Seven Seas Magazine

February 2004 Issue - Essay # 2

 

Genetic Brew

By
Charly Makray-Rice

 

 

Years after my ancestors have been buried and their memories have turned to ether, now it matters, now I find myself yearning for my past, to know those dozens, hundreds, thousands of people that molded my genetic self--the generations lost and forgotten, the genealogy never gathered.  

Like most children, I swore that when I grew up I would not be like my parents.  I would not make the mistakes they made, I would demand my own destiny and live my own success.  I did just that, I did manage to avoid my parental mistakes. I managed, instead, to make several dozen irrational ones of my own, errors my parents could never comprehend.  I developed into my own person, and I really see nothing of my parents in me, other than similar physical features like slacking jowls and wrinkled hands.  

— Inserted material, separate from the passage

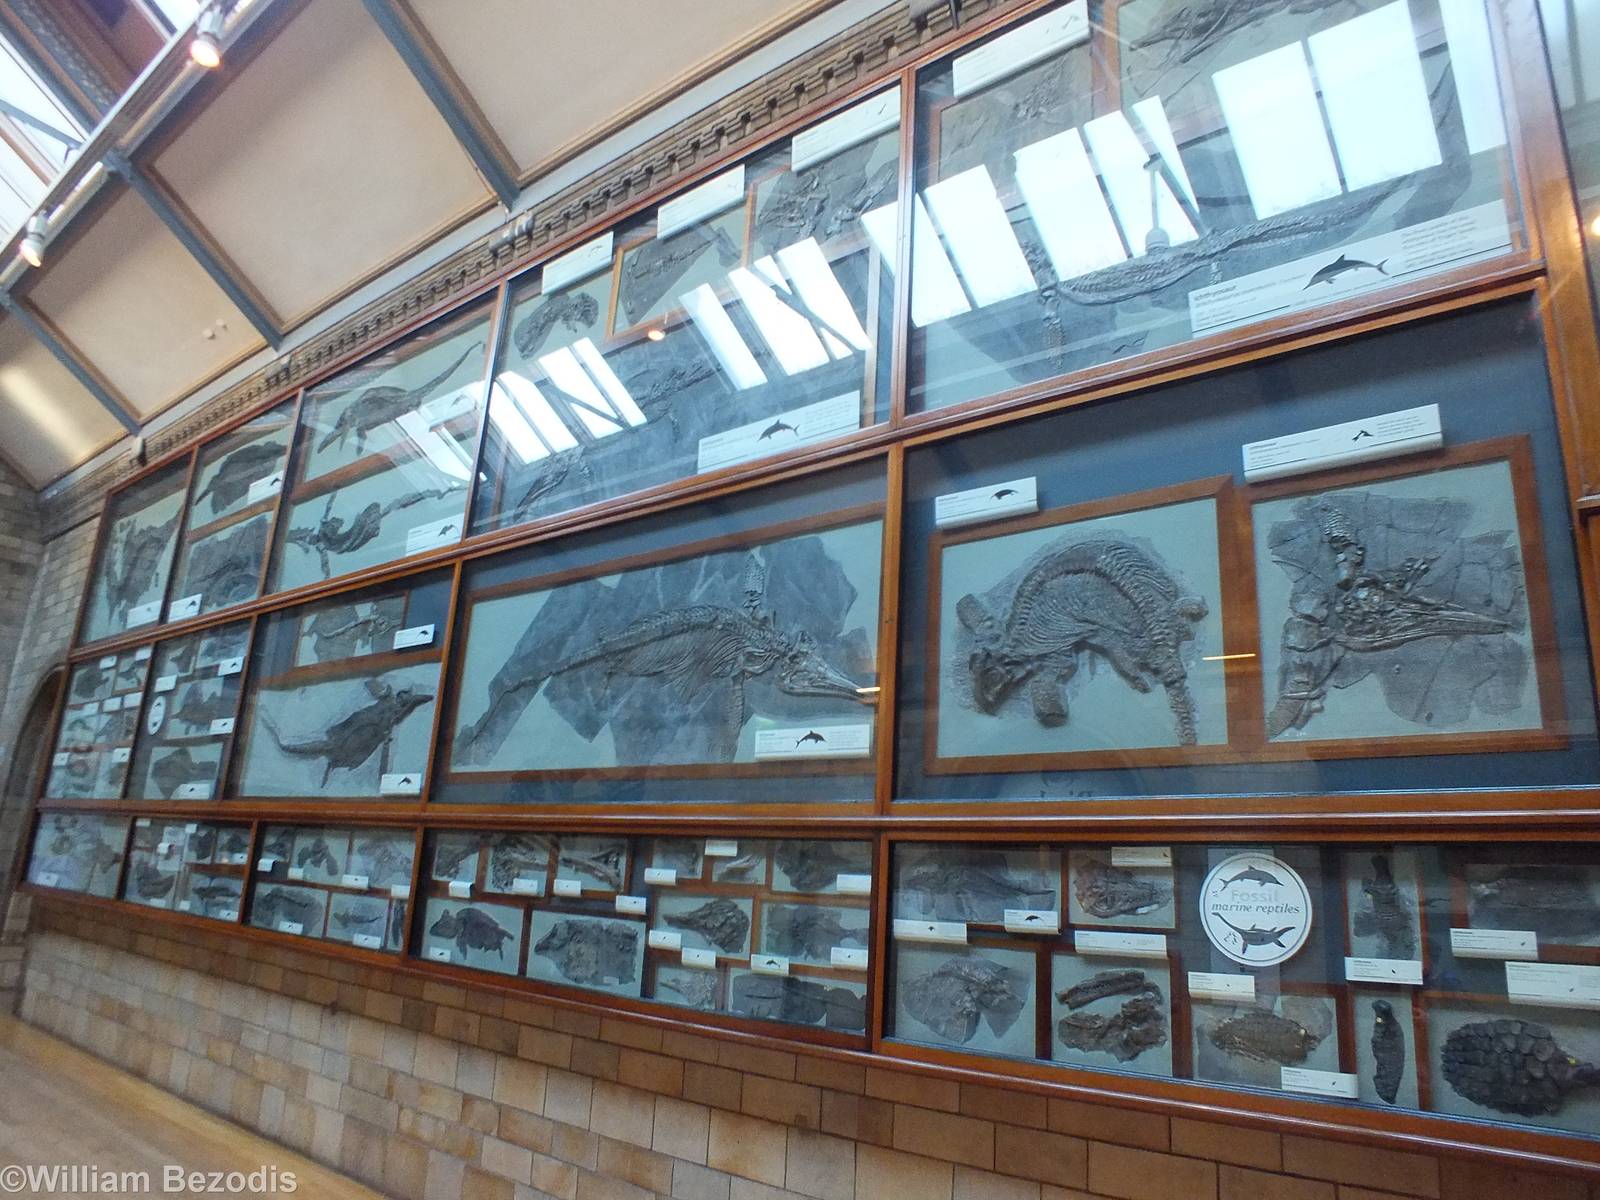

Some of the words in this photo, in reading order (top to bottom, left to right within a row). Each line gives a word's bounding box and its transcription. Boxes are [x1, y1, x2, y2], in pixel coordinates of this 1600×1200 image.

But if I am not my parents, who am I, really?  Is it truly a conscious act of will that makes me debate an issue at the drop of a hat, that forces me to look beyond the obvious for the pitfalls, to pass the good and sniff out the shortcomings?  If not my parents, who made me play with words, and who gave me the micro-sight that lets me look for nature’s smallest herald? Who gave me the skill to color between the lines and go on to take all the artistic honors in school?  And how did I manage to wear a perception of arrogance like a silken cape when I had, in fact, nothing to be arrogant about other than a sturdy cellular sense that there was more to me than met the eye.  No one ever knew me the way I knew myself.  Except for my husband, no one ever cared to look.  

Late in life, I came to the conclusion that most people really only thought about what I could do for them--and how often and at what time. As long as I circled around their sun, all was well in their universe. If there was a life form in mine it went unexplored.  Unexplored in a human wasteland, a barren dry-bones existence bereft of surprises. Knowing that we all need human interaction, I still turned inward and became stubborn, self-sufficient, and depressed.  I searched for exceptions, for the people who wandered off, isolated themselves, and still accomplished something miraculous.  I couldn’t recall anyone of merit who did successfully withdraw permanently, although several came to mind who cocooned regularly and returned, moth-like, to complete their cycle. 

If we don’t know where we come from, we are going to have a hell of a time finding out!  Recently, I discovered that a goodly portion of what I proudly thought was self-development, was in fact, ancestral genetics playing out their life-song.  My love of nature is inherited from both my paternal grandmother and my maternal grandfather.  They both maintained beautiful city gardens and nurtured plants in their homes.  I inherited my creative and artistic skills from my paternal grandfather--a master cabinetmaker and creator of furniture of exceptional beauty from the rent fabric of ancient oak and walnut. Several sources in my genealogical hunt have pointed to the possibility of his ancestors having been nobility, and historical data verifies its possibility.  Has arrogance been bred into me?  Grandfather also regularly participated in a discussion group where, I have no doubt, his stubborn opinions often challenged the group.  

If I know and understand my past, can I begin to know and understand my future?  Will the behaviors bred into me allow me to take corrective actions to avoid my ancestral mistakes?  And what were those mistakes. Sadly, it is true that if we don’t learn from our past history, we are doomed to repeat its errors.  It sounded like a load of horseshit in seventh grade, but now I’m beginning to smell it.  I only hope it means there’s a pony in my yard!

Previously published online: 
The Inditer (no longer available), but archived.

 

 

Author's Biography

Charly Makray-Rice is a native of Chicago, now making her home on a precious bit of restored prairie and oak savanna in central Wisconsin.  

She and her husband, Don, spend time creating furniture with wood made from recycled old desks and garage-sale finds.  She enjoys nature photography, cooking and loving up her critters--Connie the red Doberman, Chan the marmalade cat, and Mardi Gras, the calico-kitty with a raccoon-like mask; also, a few miles away, live Cinnabar and Amigo, the family's appaloosa horses.  Living in close proximity to land cherished by nature conservationists John Muir and Aldo Leopold provides an ever changing word-canvas that inspires her.  

She retired recently, after developing fibryomyalgia. Charly, is looking forward to re-starting her essayist dreams.